AVAILABLE DATA:
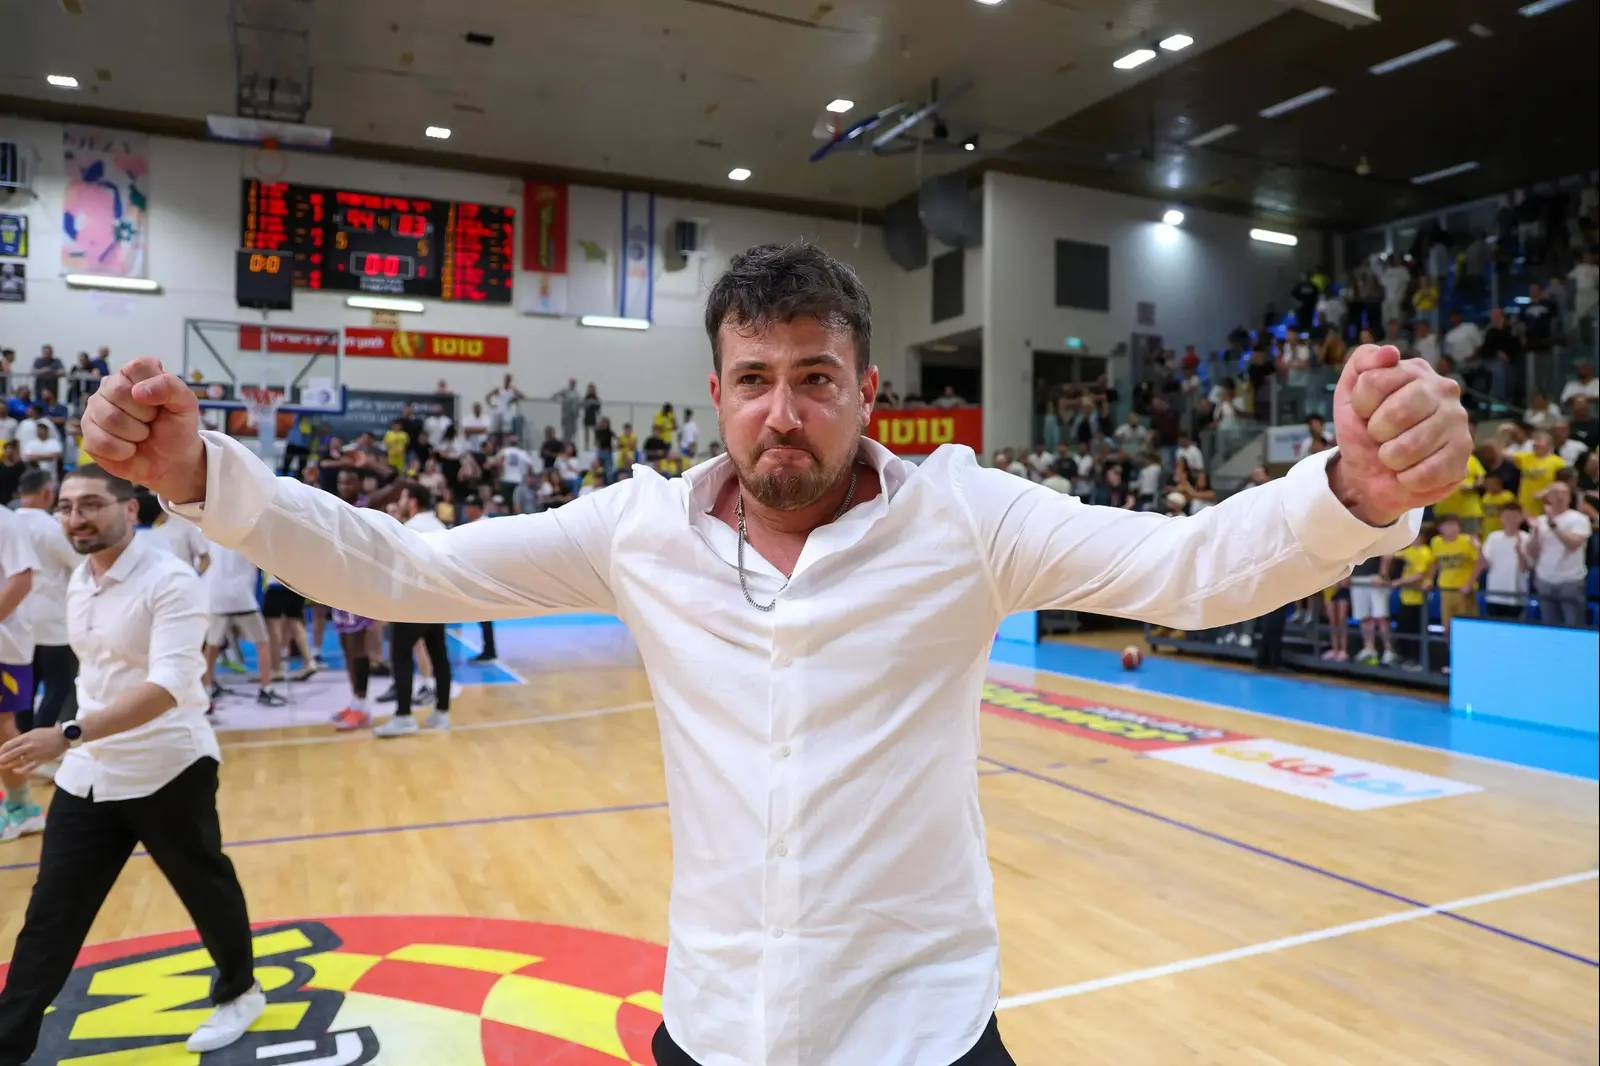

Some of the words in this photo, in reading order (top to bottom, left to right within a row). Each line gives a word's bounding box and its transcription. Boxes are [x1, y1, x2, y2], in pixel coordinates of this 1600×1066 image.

[347, 209, 375, 231] 94
[432, 337, 484, 357] טוטו
[878, 417, 955, 445] טוטו
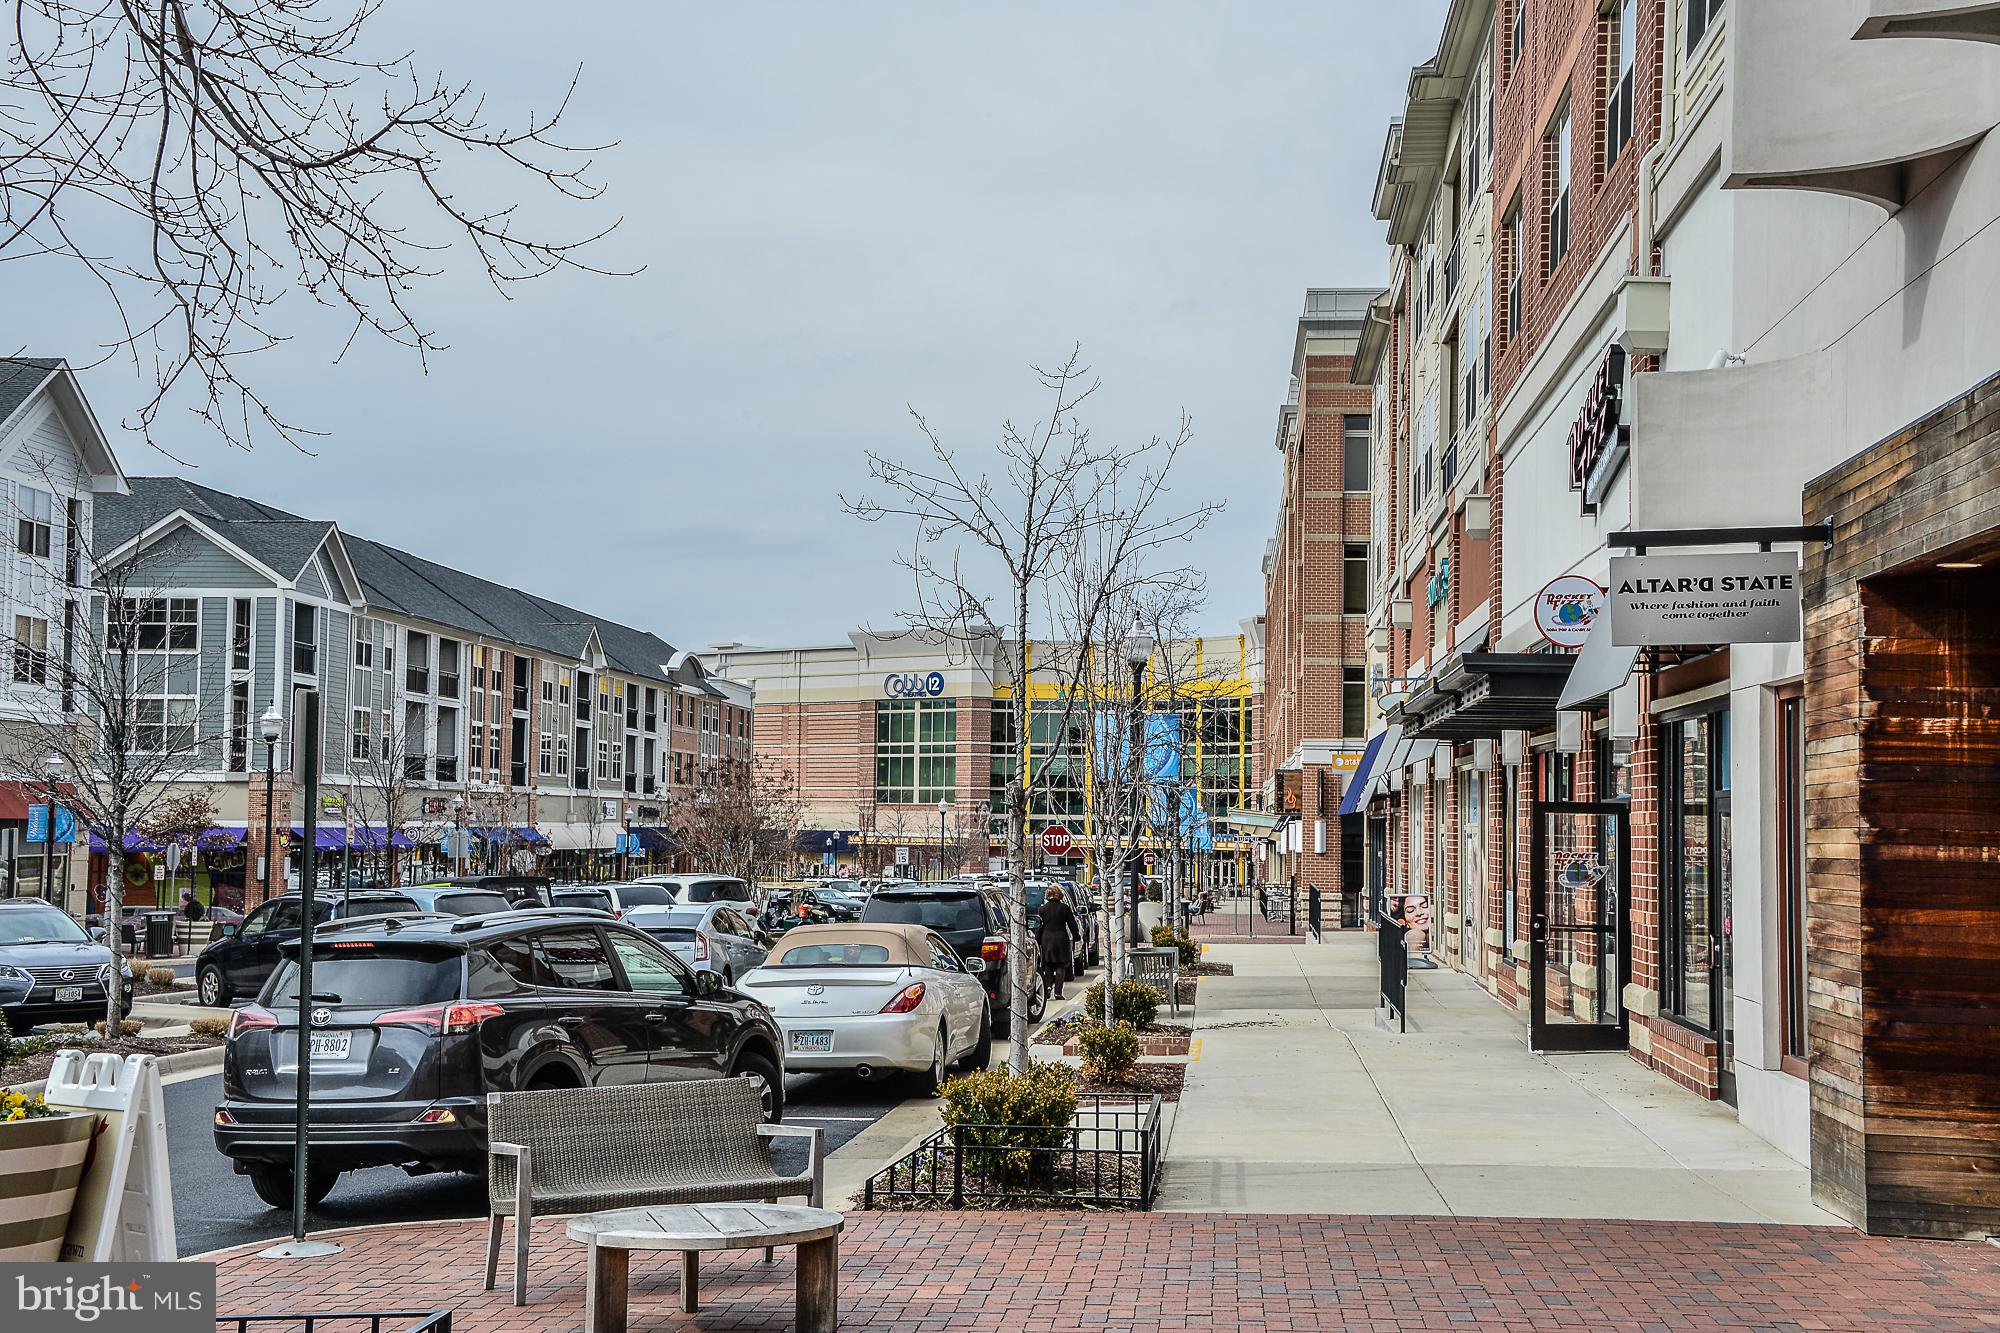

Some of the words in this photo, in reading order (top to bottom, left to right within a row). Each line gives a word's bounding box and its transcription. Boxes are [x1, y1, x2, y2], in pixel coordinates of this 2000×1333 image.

[1721, 575, 1793, 592] STATE
[1542, 593, 1594, 605] ROCKET
[1630, 602, 1670, 611] Where
[1672, 600, 1719, 610] fashion
[1722, 599, 1747, 608] and
[1749, 598, 1781, 609] faith
[1697, 610, 1750, 621] together
[884, 673, 925, 698] Cobb
[928, 676, 940, 691] 12
[1043, 834, 1070, 847] STOP
[1552, 851, 1598, 864] ROCKET
[311, 1038, 348, 1052] PH-8802

WHAT THIS TASK INVOLVES:
Leaving out the pictures, reproduce the whole listing above exactly.

WRITTEN ANSWER:
Some of the words in this photo, in reading order (top to bottom, left to right within a row). Each line gives a word's bounding box and its transcription. Boxes are [x1, y1, x2, y2], in pixel coordinates of this 1600×1066 image.

[347, 209, 375, 231] 94
[432, 337, 484, 357] טוטו
[878, 417, 955, 445] טוטו

Some of the words in this photo, in reading order (top to bottom, left to right within a row). Each line gives a word's bounding box and its transcription. Boxes are [x1, y1, x2, y2], in pixel coordinates of this 2000×1333 image.

[1721, 575, 1793, 592] STATE
[1542, 593, 1594, 605] ROCKET
[1630, 602, 1670, 611] Where
[1672, 600, 1719, 610] fashion
[1722, 599, 1747, 608] and
[1749, 598, 1781, 609] faith
[1697, 610, 1750, 621] together
[884, 673, 925, 698] Cobb
[928, 676, 940, 691] 12
[1043, 834, 1070, 847] STOP
[1552, 851, 1598, 864] ROCKET
[311, 1038, 348, 1052] PH-8802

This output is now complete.